## Work item
Please output all of the entries exactly and omit any images they hold.

## Data supplied
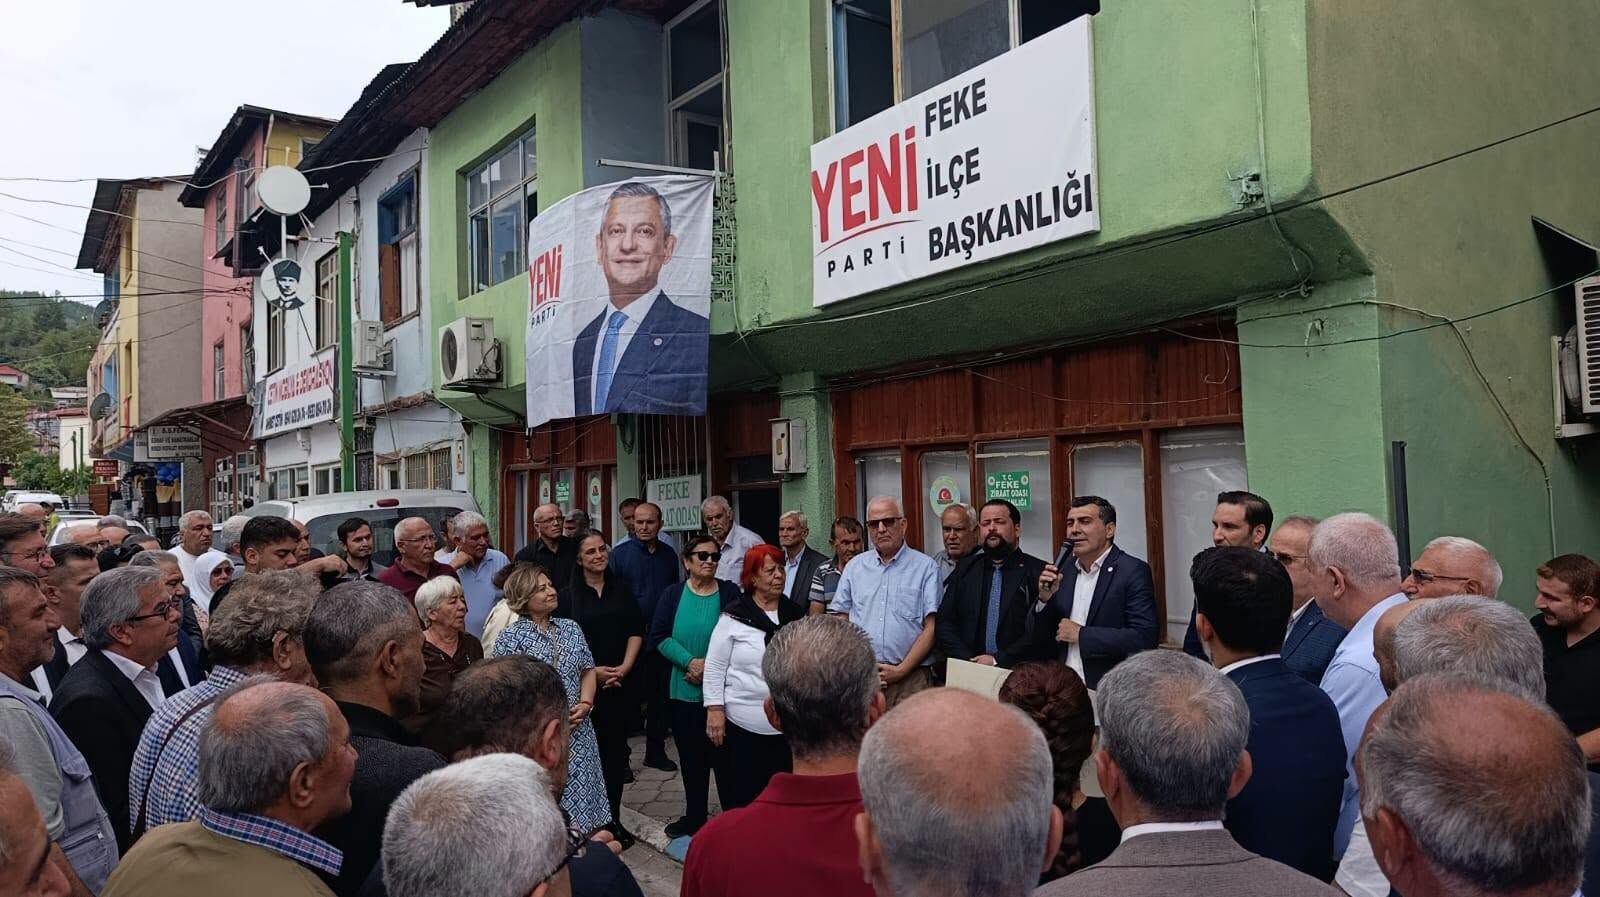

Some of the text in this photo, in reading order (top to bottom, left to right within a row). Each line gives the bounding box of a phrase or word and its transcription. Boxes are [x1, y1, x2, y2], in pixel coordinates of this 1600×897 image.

[925, 78, 987, 138] FEKE
[926, 147, 981, 200] İLÇE
[929, 170, 1093, 261] BAŞKANLIĞI
[658, 480, 690, 501] FEKE
[995, 480, 1019, 488] FEKE
[1011, 489, 1028, 497] ODASI
[675, 504, 700, 526] ODASI

## Answer
Some of the text in this photo, in reading order (top to bottom, left to right within a row). Each line gives the bounding box of a phrase or word and its transcription. Boxes are [x1, y1, x2, y2], in pixel coordinates of this 1600×897 image.

[925, 78, 987, 138] FEKE
[926, 147, 981, 200] İLÇE
[929, 170, 1093, 261] BAŞKANLIĞI
[658, 480, 690, 501] FEKE
[995, 480, 1019, 488] FEKE
[1011, 489, 1028, 497] ODASI
[675, 504, 700, 526] ODASI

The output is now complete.